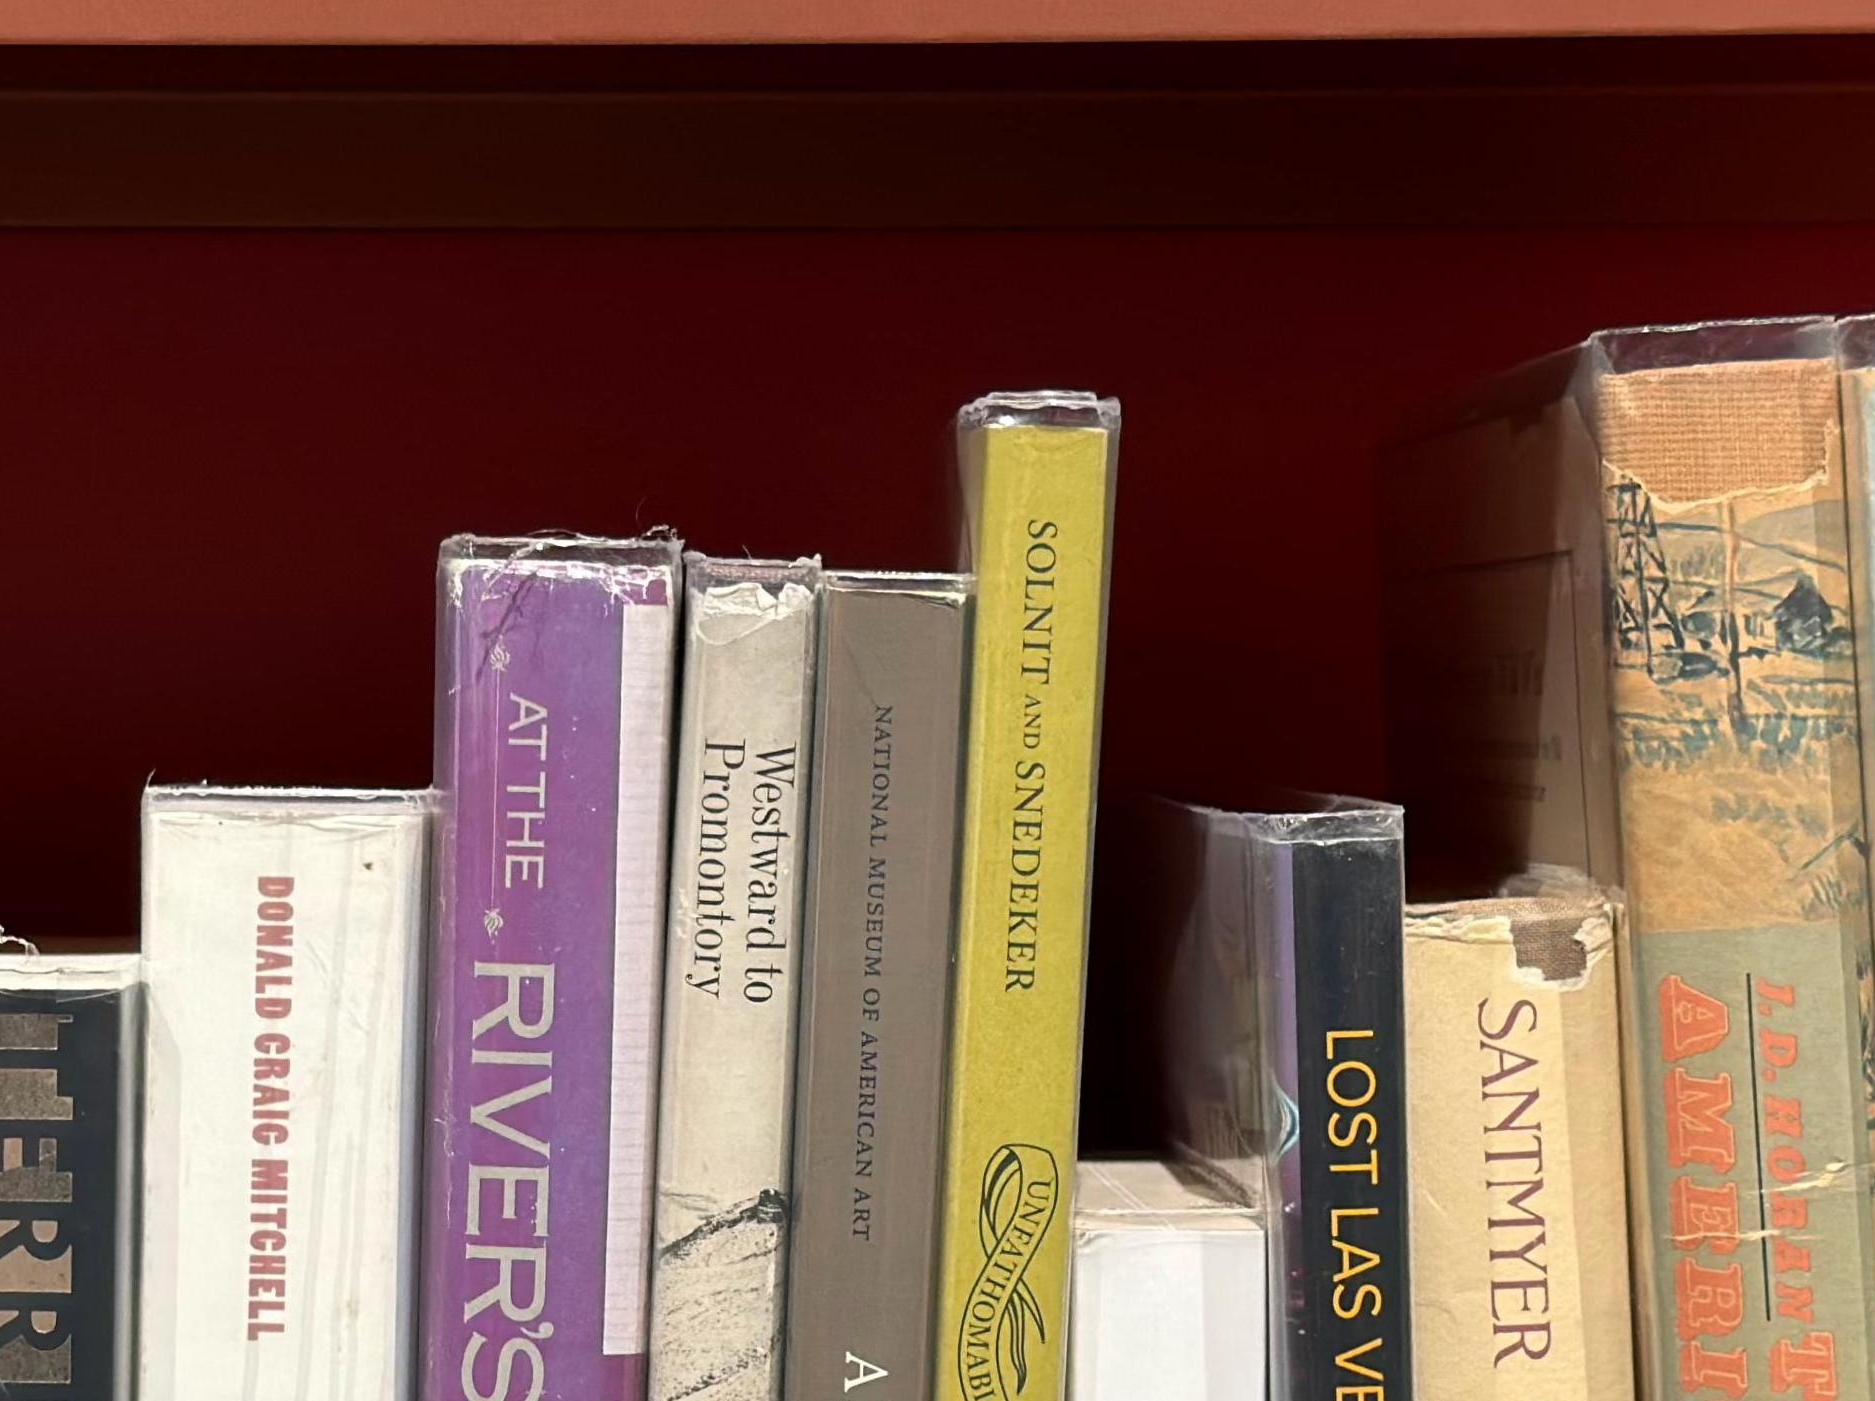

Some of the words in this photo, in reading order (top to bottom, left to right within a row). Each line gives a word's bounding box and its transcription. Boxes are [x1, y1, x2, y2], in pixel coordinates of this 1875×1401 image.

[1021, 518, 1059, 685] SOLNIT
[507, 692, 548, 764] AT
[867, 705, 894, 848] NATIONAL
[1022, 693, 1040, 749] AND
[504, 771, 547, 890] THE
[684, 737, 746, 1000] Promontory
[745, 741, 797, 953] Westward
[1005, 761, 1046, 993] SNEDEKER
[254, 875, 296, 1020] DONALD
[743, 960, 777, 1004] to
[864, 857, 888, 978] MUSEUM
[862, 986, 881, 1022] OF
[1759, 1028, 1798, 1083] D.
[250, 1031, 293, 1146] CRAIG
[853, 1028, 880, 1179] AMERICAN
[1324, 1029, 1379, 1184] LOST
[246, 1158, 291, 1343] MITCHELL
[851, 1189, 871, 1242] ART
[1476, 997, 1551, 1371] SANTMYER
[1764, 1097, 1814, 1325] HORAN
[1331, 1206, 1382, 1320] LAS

┄┄┄┄┄┄

• [TRY IT]: Give the records back exactly. Leave the pictures out.

• [EXERCISE RESULT]:
Some of the words in this photo, in reading order (top to bottom, left to right within a row). Each line gives a word's bounding box and its transcription. Boxes are [x1, y1, x2, y2], in pixel coordinates of this 1875×1401 image.

[1021, 518, 1059, 685] SOLNIT
[507, 692, 548, 764] AT
[867, 705, 894, 848] NATIONAL
[1022, 693, 1040, 749] AND
[504, 771, 547, 890] THE
[684, 737, 746, 1000] Promontory
[745, 741, 797, 953] Westward
[1005, 761, 1046, 993] SNEDEKER
[254, 875, 296, 1020] DONALD
[743, 960, 777, 1004] to
[864, 857, 888, 978] MUSEUM
[862, 986, 881, 1022] OF
[1759, 1028, 1798, 1083] D.
[250, 1031, 293, 1146] CRAIG
[853, 1028, 880, 1179] AMERICAN
[1324, 1029, 1379, 1184] LOST
[246, 1158, 291, 1343] MITCHELL
[851, 1189, 871, 1242] ART
[1476, 997, 1551, 1371] SANTMYER
[1764, 1097, 1814, 1325] HORAN
[1331, 1206, 1382, 1320] LAS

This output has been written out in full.